The chief of the Baguio General Hospital and Medical Center has been sued by a security agency for allegedly giving undue advantage to a losing bidder.
Dr. Manuel Factora was sued for violation of the Anti-graft and Corrupt Practices Act, Code of Ethical Standards for Public Officials and Employees, and other crimes and administrative charges not limited to gross abuse of authority and gross misconduct by Karl Gabaen, owner and general manager of Baguio’s Finest Security Agency (BFSA) in a complaint filed before the Office of the Ombudsman for Northern Luzon and received by Graft Investigation Officer Joseph Marion Navarrete on May 10.
The complaint alleged that BFSA is the winning bidder for the security service of the hospital as confirmed by Factora himself in a letter informing the agency that “based on the result of the competitive bidding conducted on Dec. 12, 2011 for the procurement of security services as per a Bids and Awards Committee resolution, your proposal was found to be the lowest calculated and responsive bid.”
The same letter mentioned the company has to post the five percent performance security bond 10 days after receipt of the notice of award and failure to do so is a ground for the rescission of the award.
Gabaen said they complied with the required bond and also immediately started hiring personnel for mobilization of the required guard force and support facilities and resources to fulfill its commitment to the hospital.
The company also started to advance the cost of such pre-deployment mobilization not to mention the posting of the bond as they were about to take the post.
Based on the schedule of requirement which is stipulated in the contract, the services of the agency should start March 1 and renewable annually based on the established criteria by BGHMC.
At the height of the preparations to assume duty over the security services required with the duly awarded and perfected contract. The complainant received a letter on Feb. 23 informing them that the mandatory notice to proceed is held in abeyance pending resolution of the protest allegedly filed by the losing bidders. No copy of the protest was however given to BFSA.
Gabaen said they sent a letter to Factora stating the unilateral withdrawal of the perfected contract is illegal, unduly prejudicial, and injurious to BFSA.
Despite receipt of such letter, Factora refused and neglected to respond or act promptly, which he claims is a breach of obligations under the law.
Gabaen added as they were ready to take their post on the date stated in the contract, they again wrote Factora that they are ready to fulfill their obligation to provide security services and will assemble and be presented to BGHMC administration for their inspection.
They did as mentioned in the letter but they were simply told they cannot take over the post.
“In order not to cause any tension, I just formally informed (them) that we are ready to take the post. But to avoid any possible escalation of the situation, I decided to dismiss the guards, go home, and wait for further instruction.”
Another letter was sent to Factora in March 15 inquiring on the status of the protest, but again no response was given.

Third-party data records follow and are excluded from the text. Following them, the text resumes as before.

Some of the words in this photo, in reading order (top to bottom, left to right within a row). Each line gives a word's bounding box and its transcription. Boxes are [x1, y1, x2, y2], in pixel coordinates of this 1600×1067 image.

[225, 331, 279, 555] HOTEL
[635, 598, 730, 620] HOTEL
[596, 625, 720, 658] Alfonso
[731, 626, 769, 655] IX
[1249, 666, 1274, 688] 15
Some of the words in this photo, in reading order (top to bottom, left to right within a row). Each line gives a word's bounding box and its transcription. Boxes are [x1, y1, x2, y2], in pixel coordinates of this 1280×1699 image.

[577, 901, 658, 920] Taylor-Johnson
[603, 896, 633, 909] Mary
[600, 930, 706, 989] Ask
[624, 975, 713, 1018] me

Gabaen said until now, Factora failed, refused, and simply did not respond to his letters.
Given that and due to the inaction to settle or act on the claimed protest within the period, he continuously caused prejudice to the winning bidder and contract holder, the complainant claim.

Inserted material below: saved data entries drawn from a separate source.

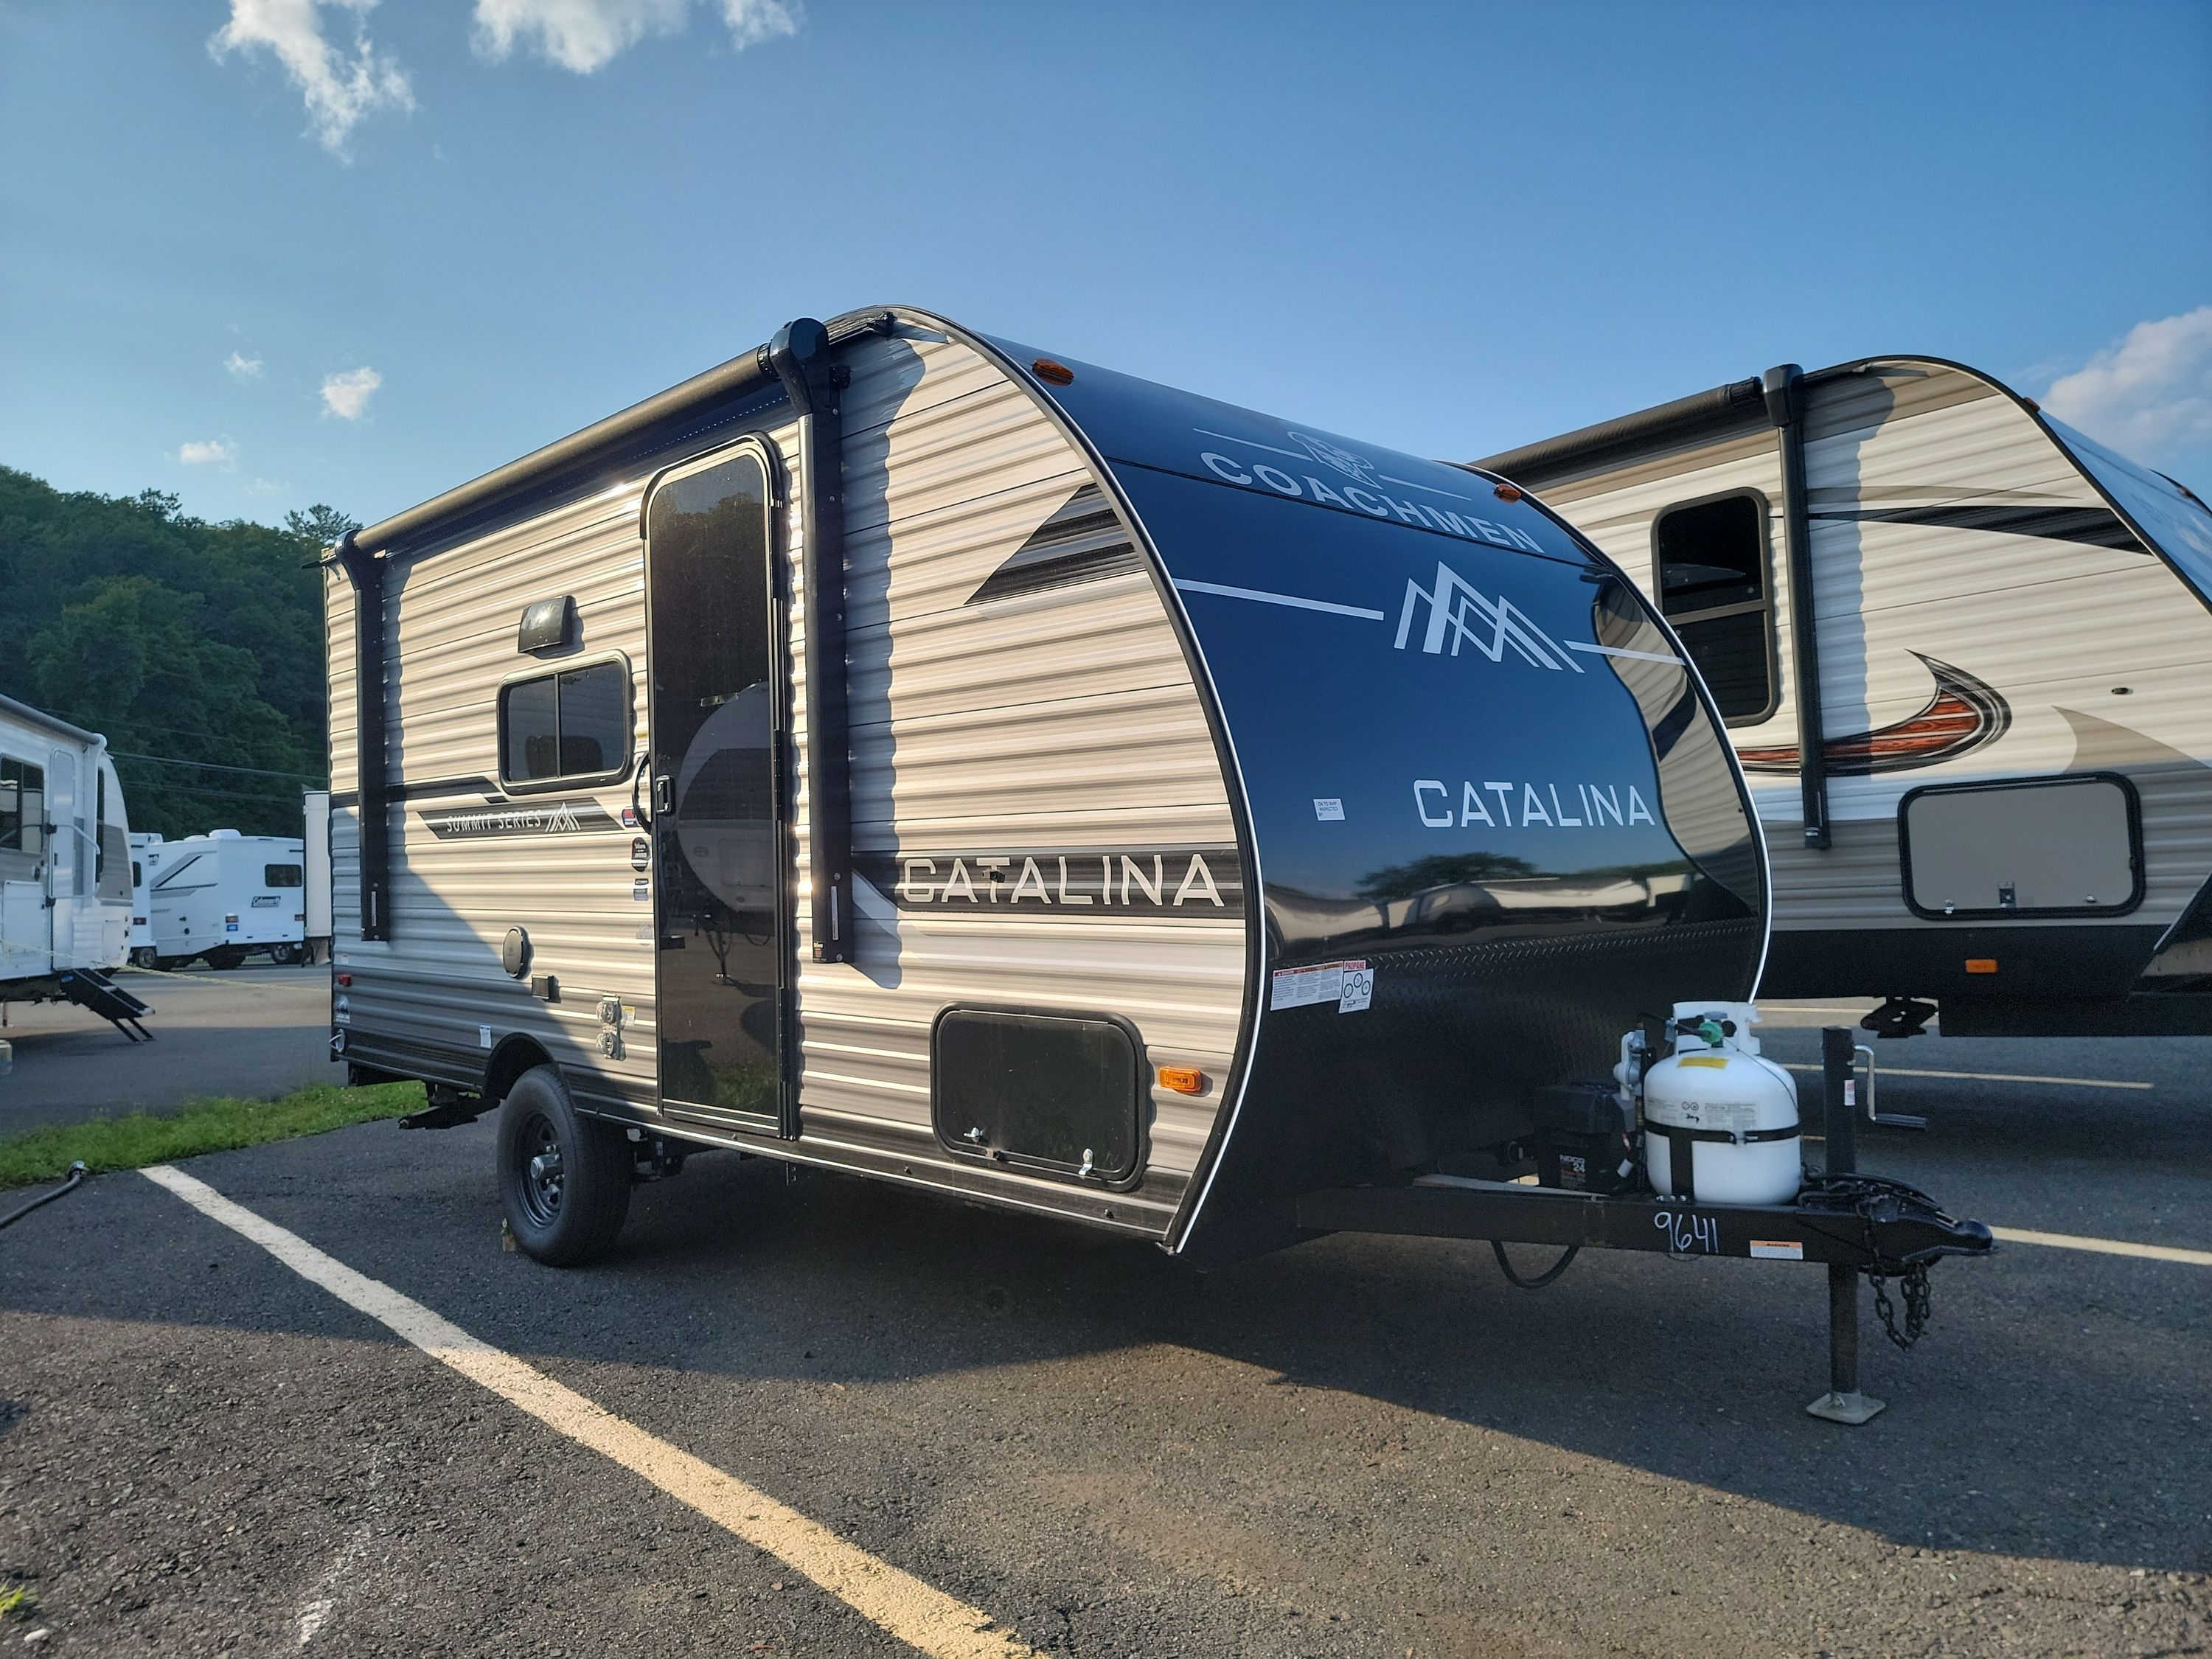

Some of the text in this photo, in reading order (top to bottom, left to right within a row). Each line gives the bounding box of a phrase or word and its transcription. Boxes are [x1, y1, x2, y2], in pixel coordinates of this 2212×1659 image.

[1200, 452, 1545, 553] COACHMEN
[447, 810, 542, 833] SUMMIT SERIES
[1413, 779, 1655, 827] CATALINA
[904, 853, 1225, 907] CATALINA
[1344, 961, 1366, 970] PROPANE
[1654, 1211, 1719, 1253] 9641

Following receipt of the complaint, Joaquin Salazar, the director of the evaluation and investigation office of the Ombudsman for Luzon in July 4 ordered Factora to answer the allegations against him within 10 days from receipt of the affidavit-complaint.
The order added in case of failure to comply to the order within the period stipulated, it would be deemed a waiver and the case will already be resolved without prior notice.